Leicester Square, as the hub of the theater district, is normally the busiest spot in London. Leicester is also at the confluence of Piccadilly, Covent Garden, and Trafalgar.  One of my favorite ‘after theater’ restaurants is on a corner, near the tube stop.  It’s sizeable, probably thirty tables, serving Italian and Turkish specialties.  Five or six gorgeous Eastern European ladies normally scurry around, efficiently delivering trays piled high with plates of pizza, spaghetti, and Doner Kababs.

Yesterday, the place was totally empty.  One waitress stood, leaning against a wall, showing extreme interest in her fingernails.



Tube stations at Leicester and Covent Garden, and Piccadilly are normally the scenes of bustling hordes.  Yesterday, they were nearly empty.  And, I’d been trying to do what the Prime Minister asked and avoid crowds.  Turned out, avoiding crowds meant taking the tubes.  Five people were on my car on the Piccadilly Line.

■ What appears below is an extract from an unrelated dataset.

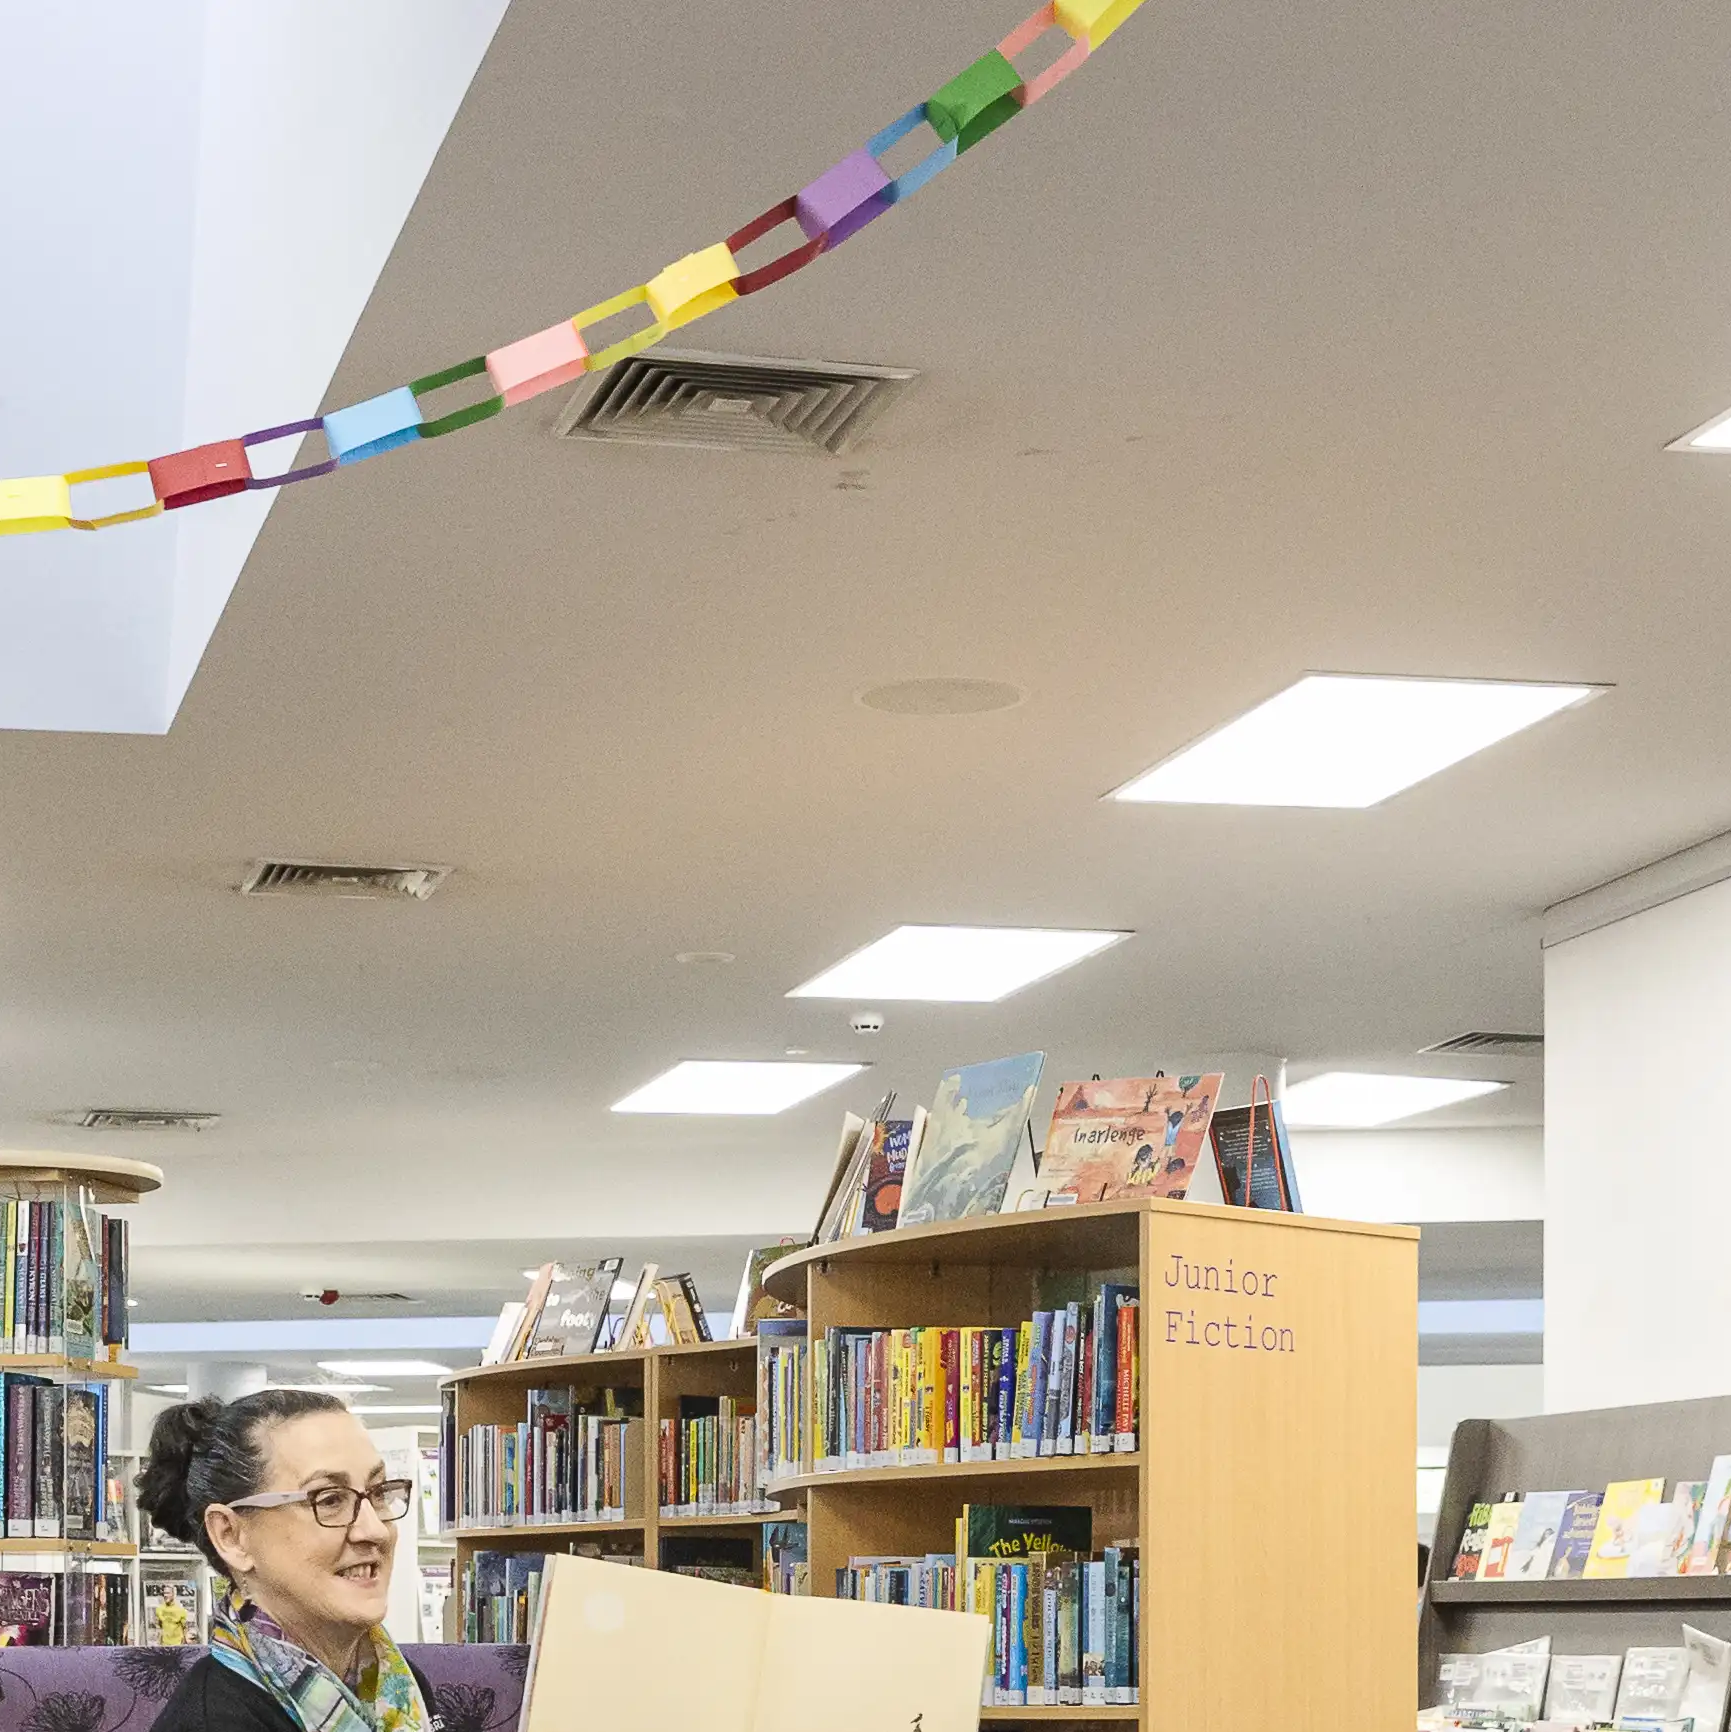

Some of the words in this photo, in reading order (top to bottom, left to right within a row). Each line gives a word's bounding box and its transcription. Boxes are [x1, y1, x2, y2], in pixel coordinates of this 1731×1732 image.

[1165, 1254, 1278, 1297] Junior
[1165, 1310, 1295, 1353] Fiction
[1122, 1369, 1130, 1410] MICHELLE
[988, 1538, 1021, 1558] The

And was the famous Hyde Park empty as well?  I’m sure your rapidly boiling curiosity is uncontainable.  The answer is a polite yes and no.
In the vastness of the green, heavily treed open space, there were a few mothers pushing trams, and some people walking dogs and others like me, asking themselves, “What the hell am I doing here?”

Kids and their mom feed the swans at Round Pond in Hyde Park

In truth, it was a part of my get-the-hell-out-of-my-hotel-room regimen, including walking and thinking and deciding whether to do some idle shopping, or go back to the room and read a book.

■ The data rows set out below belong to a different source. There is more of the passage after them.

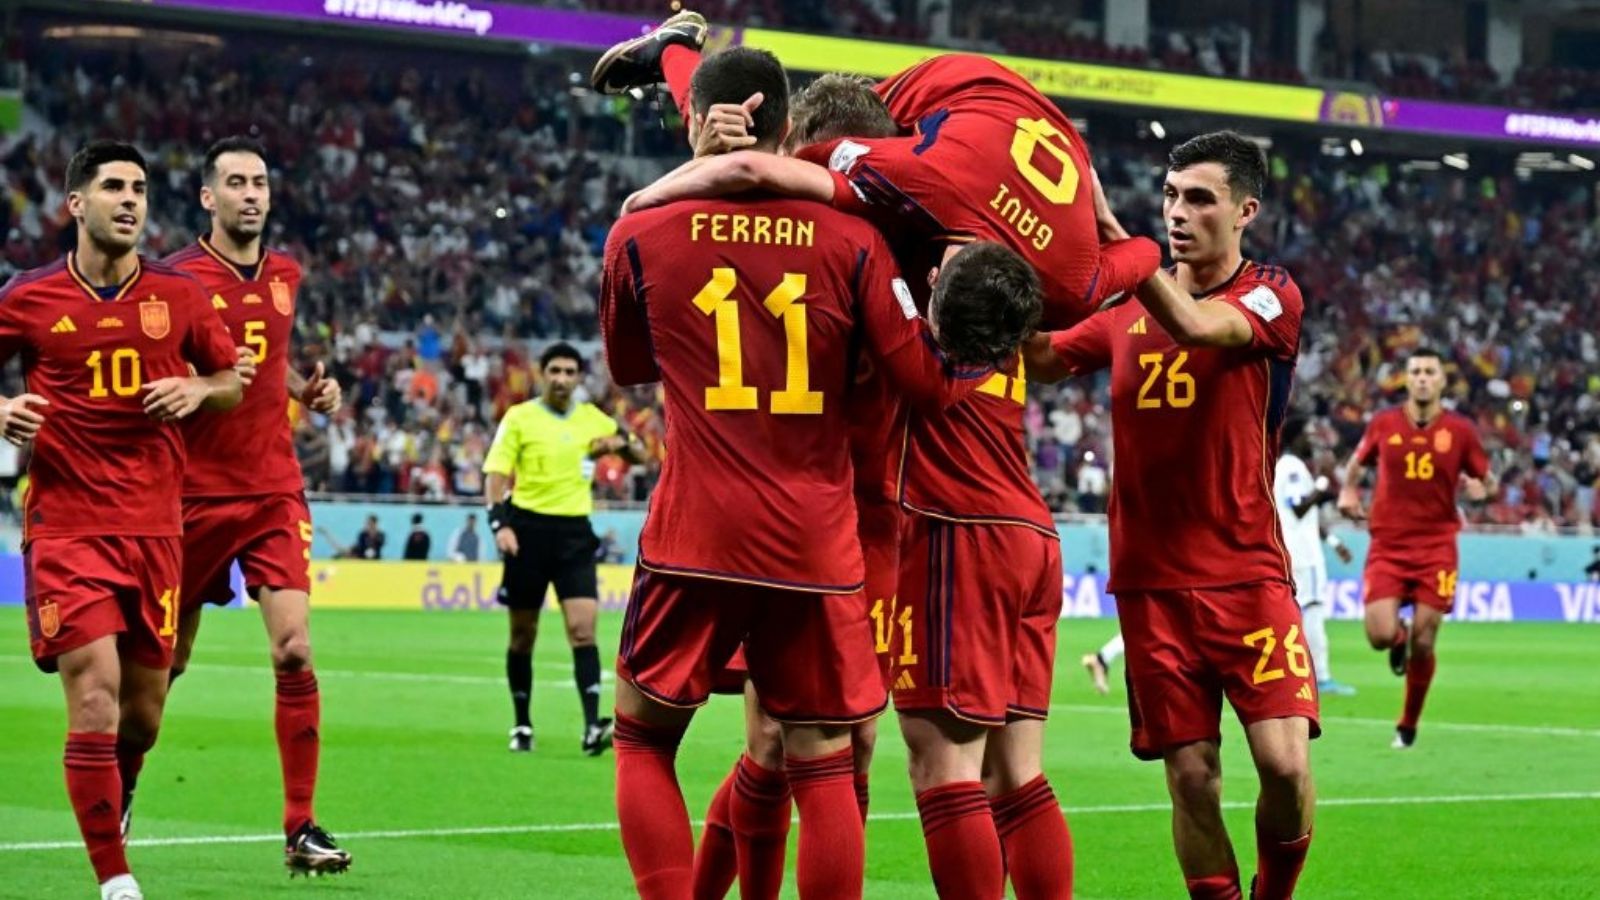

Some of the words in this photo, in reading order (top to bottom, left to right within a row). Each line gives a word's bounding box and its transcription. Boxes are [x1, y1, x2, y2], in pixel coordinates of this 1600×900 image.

[691, 213, 815, 248] FERRAN
[245, 321, 267, 364] 5
[692, 267, 824, 415] 11
[86, 348, 141, 398] 10
[1136, 351, 1196, 410] 26
[1405, 451, 1434, 480] 16
[1062, 575, 1102, 617] SA
[1322, 580, 1365, 619] IS
[1456, 581, 1514, 621] ISA
[1552, 582, 1600, 622] VI
[1242, 624, 1311, 686] 26

Still, London is London, one of the most fabulous cities in the world, with cross cultures and cultural possibilities unimaginable in most other cities.  I found a French grocery store and purchased some French sea salt, but being a bit perplexed by the varieties available and desperate to put my French lessons on naked display, I held up two boxes of salt and asked the clerk, “Voulez-vous me dire, les deux sont la même chose?”

“Yes,” he replied in English, “They’re both salt.”

I bought both. My French suffers from severe restrictions, a prominent one being able to find out what I want to know. Anyway, we both had a good laugh….well, one of us did, the native French speaker.



And so I walked on.  Had a pint of London Pride near Trafalgar Square, gandered at the Lamborghini and Ferrari showrooms, and avoided the crowds, only because there weren’t any.

Museum of Natural Science, normally packed!